A real estate agent whose business has been wiped out by the collapse of the housing market.

A car salesman who lost his job.

A developer whose business is hurting so badly that he had to make drastic labor cuts.

This is not even a case of a corporation chewing up the poor, these people were comfortably upper middle class before the credit crash. They were able to enter into agreements in good faith based on their income. There was no reason to believe they would not be able to fulfill their commitments. Their only reason for defaulting on their contracts was an unforeseen disaster that they had no way of predicting. It is telling that many of them, in their new circumstances, cannot even afford to retain lawyers to fight the lawsuit.

It is also important to remember that we are not talking about genuine losses. The Redskins (through the subsidiary that owns the stadium, Wfi Stadium Inc.) have already pocketed the money from all tickets already purchased. They are not suing for money they have lost. They are suing for money they now will not earn because of the change of economic circumstances.
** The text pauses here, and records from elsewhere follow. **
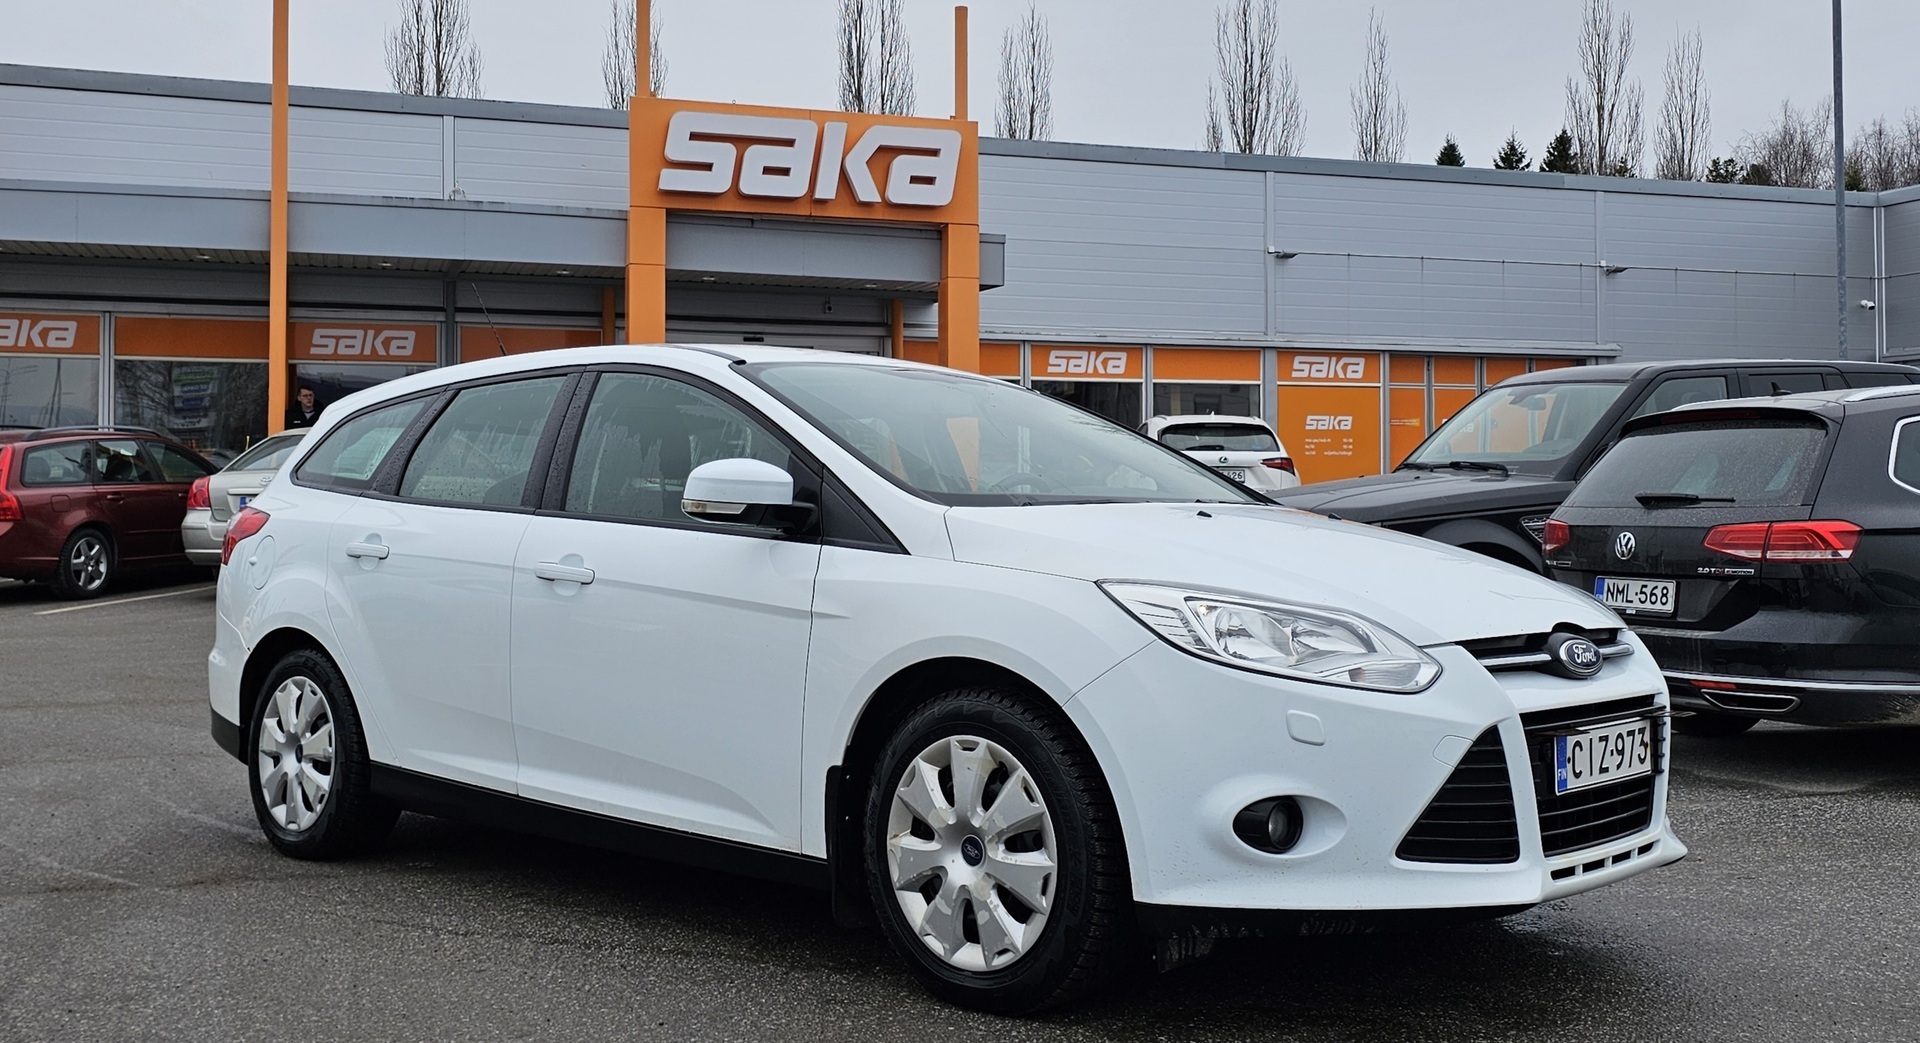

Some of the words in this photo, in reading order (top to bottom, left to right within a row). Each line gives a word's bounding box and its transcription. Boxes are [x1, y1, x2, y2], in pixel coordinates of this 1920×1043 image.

[0, 319, 77, 348] aka
[1606, 582, 1669, 606] NML-568
[1572, 644, 1597, 664] Ford
[1571, 726, 1648, 779] CIZ-973
[1558, 768, 1567, 781] FIN
This appears straightforward at first glance, they want to make sure the contract is honored.

The problem is, by not selling those season tickets at the discount rate, they now have the ability to sell those season tickets at full price or to sell the individual seats per game at a far higher rate than the seats would have fetched reserved for season ticket holders. So they stand to make more money by voiding the agreements than they stand to lose. They will certainly sell the tickets, regardless of the awards they receive in court, if the defendants cannot pay the judgments. Football games routinely sell out, which means the freeing up of new seats allows them to sell tickets in situations where they would not normally be able to sell them. At, I must repeat, full price. Which means they stand to make more money than they lose and anything they do collect from the people they are suing is simply gravy.
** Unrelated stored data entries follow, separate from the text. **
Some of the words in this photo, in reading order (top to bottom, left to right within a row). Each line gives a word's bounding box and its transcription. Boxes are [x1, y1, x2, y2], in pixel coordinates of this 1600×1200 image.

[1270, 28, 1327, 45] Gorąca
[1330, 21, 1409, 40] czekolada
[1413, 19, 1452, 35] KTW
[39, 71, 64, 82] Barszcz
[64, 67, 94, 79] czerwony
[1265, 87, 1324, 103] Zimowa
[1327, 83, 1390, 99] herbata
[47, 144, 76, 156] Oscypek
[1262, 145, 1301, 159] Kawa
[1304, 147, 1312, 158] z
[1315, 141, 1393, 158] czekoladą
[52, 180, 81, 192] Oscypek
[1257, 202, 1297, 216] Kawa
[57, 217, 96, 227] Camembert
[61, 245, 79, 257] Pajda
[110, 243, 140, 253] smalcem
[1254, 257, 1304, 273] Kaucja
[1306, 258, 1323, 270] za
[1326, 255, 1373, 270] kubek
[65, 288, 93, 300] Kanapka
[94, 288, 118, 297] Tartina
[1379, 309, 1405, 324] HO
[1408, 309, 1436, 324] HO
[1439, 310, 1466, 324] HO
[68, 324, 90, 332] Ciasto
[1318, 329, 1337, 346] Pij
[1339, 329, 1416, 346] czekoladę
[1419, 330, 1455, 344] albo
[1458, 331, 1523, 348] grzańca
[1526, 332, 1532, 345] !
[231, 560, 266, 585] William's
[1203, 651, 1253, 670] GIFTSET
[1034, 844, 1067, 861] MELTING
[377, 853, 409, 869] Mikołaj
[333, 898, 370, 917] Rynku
Contract law is on the Redskins' side, most likely. I am not a contract lawyer, but it would appear to me that a binding agreement would have to favor the Redskins in this case. However, there is clearly no breach of good faith here and it is only right to void the contracts and keep what's already been paid while the fans go without their tickets. No harm, no foul for either side. Especially with the increased revenue from the freedom to sell those season tickets at a higher price or to sell individual seats on a per game basis at a much greater total profit.

More importantly, however, is the fact that this lawsuit threatens the Redskins' brand. By suing their fans, the team risks undermining their credibility with the consumers on whom their business depends. Releasing the fans from their contracts does not harm the team and enahances their brand as 'fan friendly.' Suing their fans presents a completely different picture. One can tick down the history of professional sports to find owners who have lost a great deal of money or been forced to sell their teams because of the damage done to the brand by their business decisions. It's not hard at all.
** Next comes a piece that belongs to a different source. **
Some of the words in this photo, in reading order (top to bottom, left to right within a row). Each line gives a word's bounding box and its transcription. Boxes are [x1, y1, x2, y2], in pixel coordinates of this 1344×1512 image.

This is merely an example of a problem widespread throughout American corporate culture. The American corporation frequently fails to understand its best interests vis a vis the best interests of its customers. It views its relationship with consumers as written in stone and does not consider how its actions might affect its relationship with those consumers. The myths of supply side economics allow one to believe that advertising dollars will magically replace every customer lost. The problem is that advertising costs money and the increased marketing and PR budget necessary to offset customer loss raises the price of the product... thus it risks making the product more difficult for consumers to purchase and losing even more of its market share. This cycle is self-repeating. The more customers are lost, the more advertising is necessary, and the more the added expense of advertising increased product price the more consumers are priced out of the market.

This is basic economics and, if the world really worked the way the advocates of the 'free market' claim that it works, corporations would not fall into this trap. The American auto industry is an excellent example they they do. The Washington Redskins are setting themselves up as the next General Motors.

Perhaps they should simply show some sense now, take the money and run, and avoid the cycle before it starts.